Aegis currently offers dextromethorphan testing as an add-on test in urine and oral fluid.  Including 3-methoxymorphinan and dextrorphan in testing helps extend the period of detection of the drug and can also increase detection when metabolism may be altered physiologically or by other drugs.  Dextromethorphan and 3-methoxymorphinan are both unique markers for dextromethorphan ingestion; their presence indicates recent ingestion of dextromethorphan. Dextrorphan may also indicate dextromethorphan use and will be used to assess compliance with dextromethorphan prescriptions. However, given that the liquid chromatography/tandem mass spectrometry analysis of dextrorphan is not isomeric, dextrorphan alone can indicate use of either dextromethorphan or levorphanol.  When dextrorphan is present in the absence of one of the unique markers for dextromethorphan (dextromethorphan and/or 3-methoxymorphinan), then “Dextromethorphan/Levorphanol” will be reported as present.  Thus, test results showing presence of dextrorphan alone are not exclusively indicative of specifically dextromethorphan or levorphanol use.  

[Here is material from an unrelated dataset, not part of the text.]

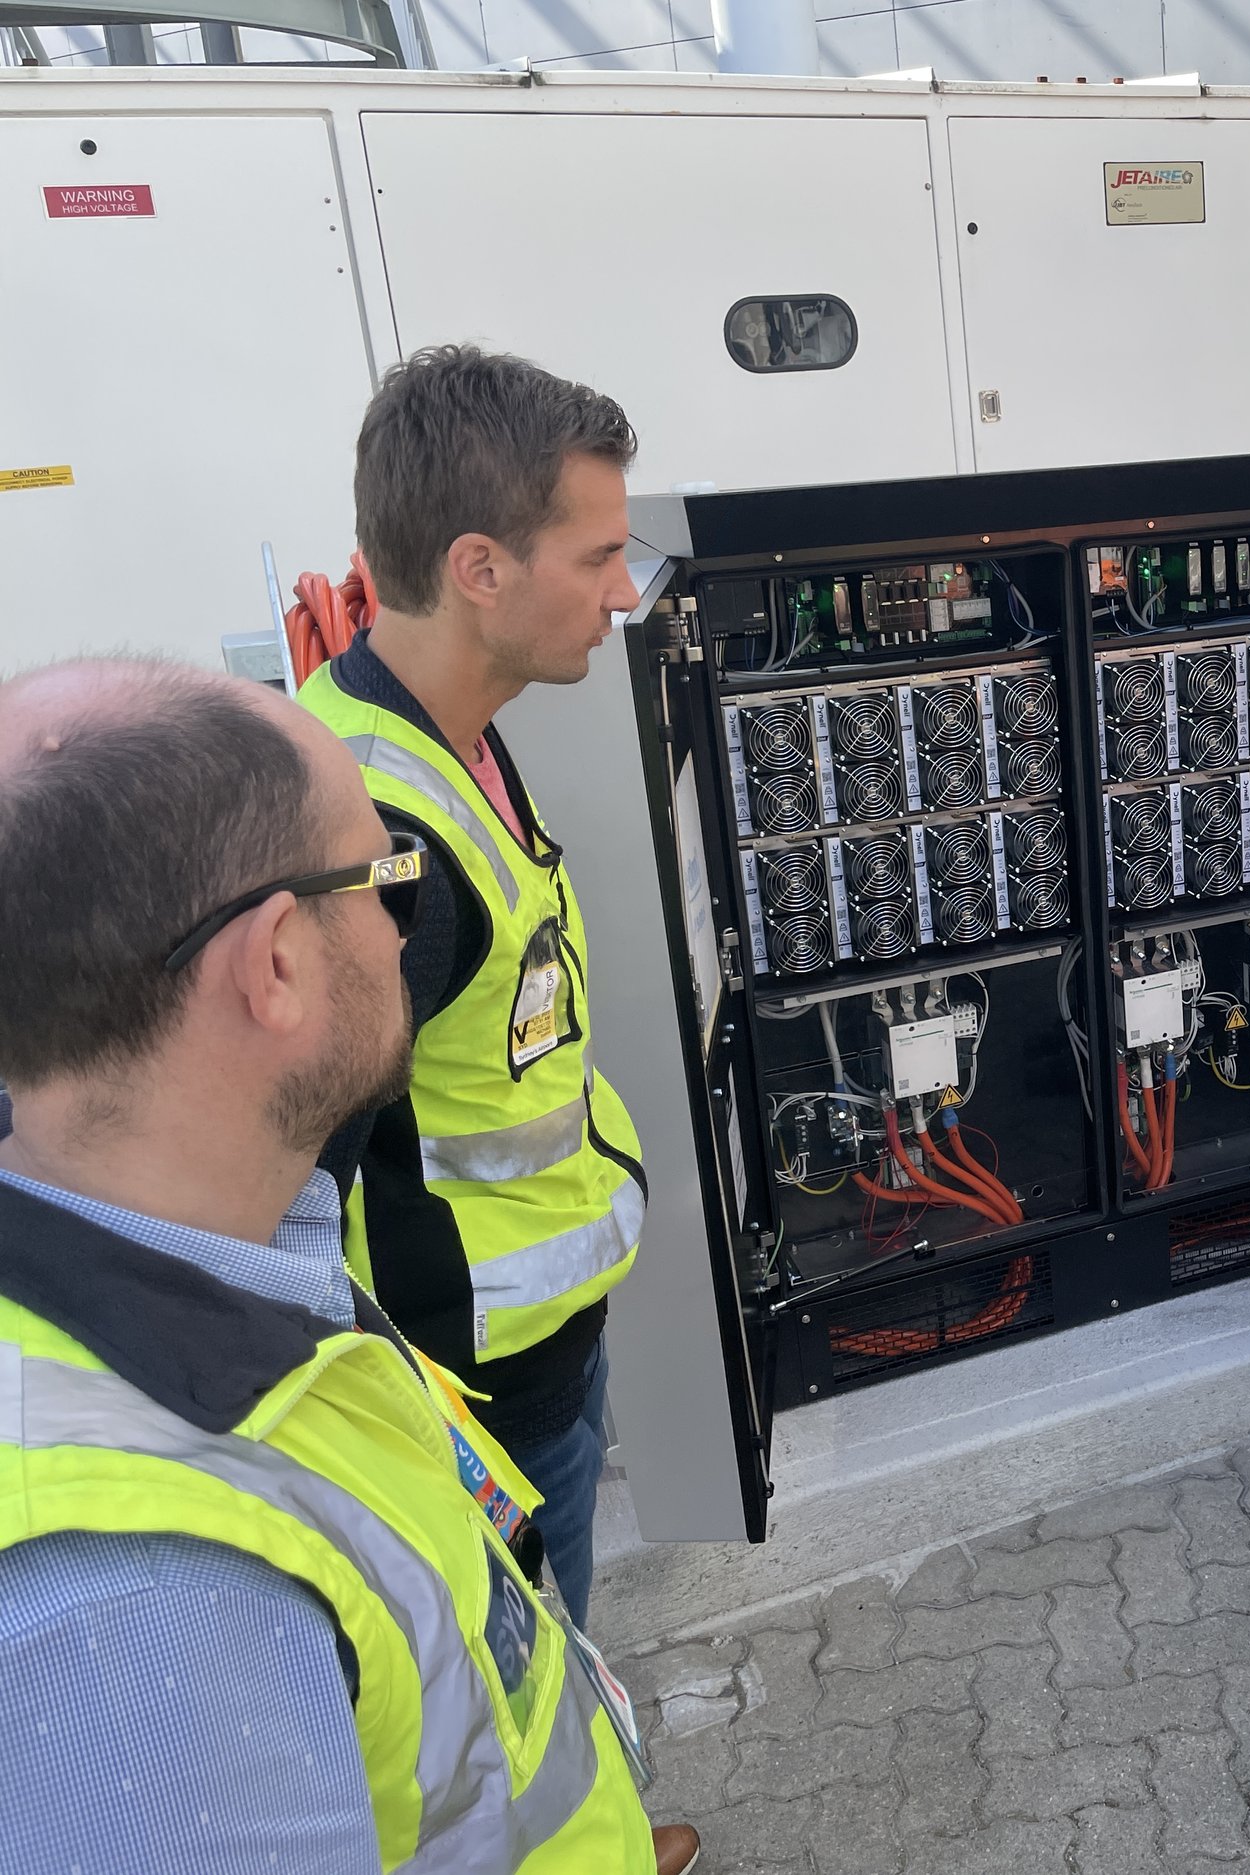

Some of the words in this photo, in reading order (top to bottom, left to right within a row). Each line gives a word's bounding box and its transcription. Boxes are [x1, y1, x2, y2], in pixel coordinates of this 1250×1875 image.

Clinicians wishing to assess levorphanol compliance should utilize urine testing rather than oral fluid.  Levorphanol is extensively glucuronidated as a means of clearance from plasma.14  Concentrations of this conjugated metabolite peak at more than five times the concentration of the unbound drug.  Because only free and unbound drug crosses over into saliva from plasma, the glucuronidation pathway decreases the amount of detectable drug in oral fluid significantly.  Glucuronidated drug passes freely into urine, however, and the conjugated metabolite is hydrolyzed during urine testing to detect the levorphanol parent drug.

NOTICE: The information above is intended as a resource for health care providers. Providers should use their independent medical judgment based on the clinical needs of the patient when making determinations of who to test, what medications to test, testing frequency, and the type of testing to conduct.